> **THE PROBLEM**
Reproduce the line containing "this 1500×1855 image." and every line after it through the end of the records. Include nothing else.

Start of RECORDS SHOWN

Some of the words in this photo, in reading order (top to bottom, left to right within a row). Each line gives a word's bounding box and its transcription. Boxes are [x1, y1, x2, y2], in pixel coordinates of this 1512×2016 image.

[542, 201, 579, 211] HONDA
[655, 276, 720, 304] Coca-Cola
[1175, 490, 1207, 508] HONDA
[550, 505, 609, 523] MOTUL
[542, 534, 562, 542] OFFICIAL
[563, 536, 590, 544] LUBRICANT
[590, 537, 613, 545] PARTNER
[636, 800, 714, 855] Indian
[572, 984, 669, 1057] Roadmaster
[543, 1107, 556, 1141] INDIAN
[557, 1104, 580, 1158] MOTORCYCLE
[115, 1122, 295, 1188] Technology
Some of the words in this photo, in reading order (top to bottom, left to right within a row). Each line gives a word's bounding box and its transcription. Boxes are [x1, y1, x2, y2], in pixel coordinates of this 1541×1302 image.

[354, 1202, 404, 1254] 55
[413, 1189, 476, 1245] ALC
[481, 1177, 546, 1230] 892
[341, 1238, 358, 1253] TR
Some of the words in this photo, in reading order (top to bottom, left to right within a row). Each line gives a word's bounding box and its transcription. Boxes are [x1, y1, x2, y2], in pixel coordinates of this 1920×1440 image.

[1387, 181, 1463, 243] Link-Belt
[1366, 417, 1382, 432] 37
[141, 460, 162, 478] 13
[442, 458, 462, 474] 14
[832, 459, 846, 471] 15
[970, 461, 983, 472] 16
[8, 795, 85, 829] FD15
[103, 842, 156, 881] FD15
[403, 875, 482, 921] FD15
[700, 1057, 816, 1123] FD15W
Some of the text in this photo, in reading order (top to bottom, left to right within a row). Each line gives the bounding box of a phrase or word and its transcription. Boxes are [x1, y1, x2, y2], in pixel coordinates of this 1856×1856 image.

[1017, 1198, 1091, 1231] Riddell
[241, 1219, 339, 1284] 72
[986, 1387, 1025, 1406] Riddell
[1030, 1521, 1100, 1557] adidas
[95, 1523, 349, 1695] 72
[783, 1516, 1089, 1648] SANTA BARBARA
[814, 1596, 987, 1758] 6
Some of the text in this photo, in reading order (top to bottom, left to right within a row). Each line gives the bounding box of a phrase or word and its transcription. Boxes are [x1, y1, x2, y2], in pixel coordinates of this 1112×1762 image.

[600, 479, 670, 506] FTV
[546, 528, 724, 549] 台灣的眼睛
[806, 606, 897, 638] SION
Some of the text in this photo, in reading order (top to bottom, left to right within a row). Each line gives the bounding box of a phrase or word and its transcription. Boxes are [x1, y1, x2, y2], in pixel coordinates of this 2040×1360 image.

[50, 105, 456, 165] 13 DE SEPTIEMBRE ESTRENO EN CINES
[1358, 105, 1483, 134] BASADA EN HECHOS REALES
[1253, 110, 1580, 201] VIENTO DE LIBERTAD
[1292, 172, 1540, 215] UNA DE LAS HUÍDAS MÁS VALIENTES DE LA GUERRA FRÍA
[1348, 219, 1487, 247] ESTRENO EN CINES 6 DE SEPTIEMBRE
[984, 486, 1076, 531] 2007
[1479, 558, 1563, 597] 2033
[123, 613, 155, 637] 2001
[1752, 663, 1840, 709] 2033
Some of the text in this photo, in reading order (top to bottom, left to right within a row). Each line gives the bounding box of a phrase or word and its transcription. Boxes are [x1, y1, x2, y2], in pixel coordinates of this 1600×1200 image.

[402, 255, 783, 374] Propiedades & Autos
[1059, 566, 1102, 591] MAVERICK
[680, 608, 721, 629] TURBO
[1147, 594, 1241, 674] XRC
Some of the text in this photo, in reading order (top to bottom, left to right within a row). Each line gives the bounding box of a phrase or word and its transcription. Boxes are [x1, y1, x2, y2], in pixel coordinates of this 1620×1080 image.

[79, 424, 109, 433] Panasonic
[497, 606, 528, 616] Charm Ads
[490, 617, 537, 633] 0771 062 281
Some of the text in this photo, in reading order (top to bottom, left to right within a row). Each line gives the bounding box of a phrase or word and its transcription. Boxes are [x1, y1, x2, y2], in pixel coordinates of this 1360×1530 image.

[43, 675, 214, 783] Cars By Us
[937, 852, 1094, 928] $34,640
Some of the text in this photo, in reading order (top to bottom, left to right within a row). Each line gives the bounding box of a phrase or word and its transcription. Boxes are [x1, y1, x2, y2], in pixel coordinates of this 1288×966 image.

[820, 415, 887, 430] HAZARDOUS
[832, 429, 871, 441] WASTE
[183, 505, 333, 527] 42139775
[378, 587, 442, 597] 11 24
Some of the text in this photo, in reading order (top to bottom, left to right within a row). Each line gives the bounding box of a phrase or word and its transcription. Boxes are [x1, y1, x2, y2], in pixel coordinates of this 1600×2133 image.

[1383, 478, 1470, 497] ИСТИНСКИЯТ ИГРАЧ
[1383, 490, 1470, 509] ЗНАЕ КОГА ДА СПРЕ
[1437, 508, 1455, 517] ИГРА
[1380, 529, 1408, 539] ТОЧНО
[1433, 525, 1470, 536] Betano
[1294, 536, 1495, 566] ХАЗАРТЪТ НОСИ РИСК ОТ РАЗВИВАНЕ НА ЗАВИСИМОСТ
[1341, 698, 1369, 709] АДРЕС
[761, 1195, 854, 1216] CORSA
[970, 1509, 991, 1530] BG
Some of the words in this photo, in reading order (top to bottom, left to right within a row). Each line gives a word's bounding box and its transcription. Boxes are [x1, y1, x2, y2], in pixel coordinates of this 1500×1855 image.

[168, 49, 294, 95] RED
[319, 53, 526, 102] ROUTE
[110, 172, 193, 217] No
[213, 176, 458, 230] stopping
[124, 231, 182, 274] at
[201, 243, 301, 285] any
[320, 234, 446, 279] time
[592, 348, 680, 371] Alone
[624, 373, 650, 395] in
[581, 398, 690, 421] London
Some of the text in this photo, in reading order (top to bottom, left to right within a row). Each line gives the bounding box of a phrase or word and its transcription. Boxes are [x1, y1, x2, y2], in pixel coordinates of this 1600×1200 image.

End of RECORDS SHOWN

> **TASK RESULT**
Some of the words in this photo, in reading order (top to bottom, left to right within a row). Each line gives a word's bounding box and its transcription. Boxes are [x1, y1, x2, y2], in pixel coordinates of this 1500×1855 image.

[168, 49, 294, 95] RED
[319, 53, 526, 102] ROUTE
[110, 172, 193, 217] No
[213, 176, 458, 230] stopping
[124, 231, 182, 274] at
[201, 243, 301, 285] any
[320, 234, 446, 279] time
[592, 348, 680, 371] Alone
[624, 373, 650, 395] in
[581, 398, 690, 421] London
Some of the text in this photo, in reading order (top to bottom, left to right within a row). Each line gives the bounding box of a phrase or word and its transcription. Boxes are [x1, y1, x2, y2], in pixel coordinates of this 1600×1200 image.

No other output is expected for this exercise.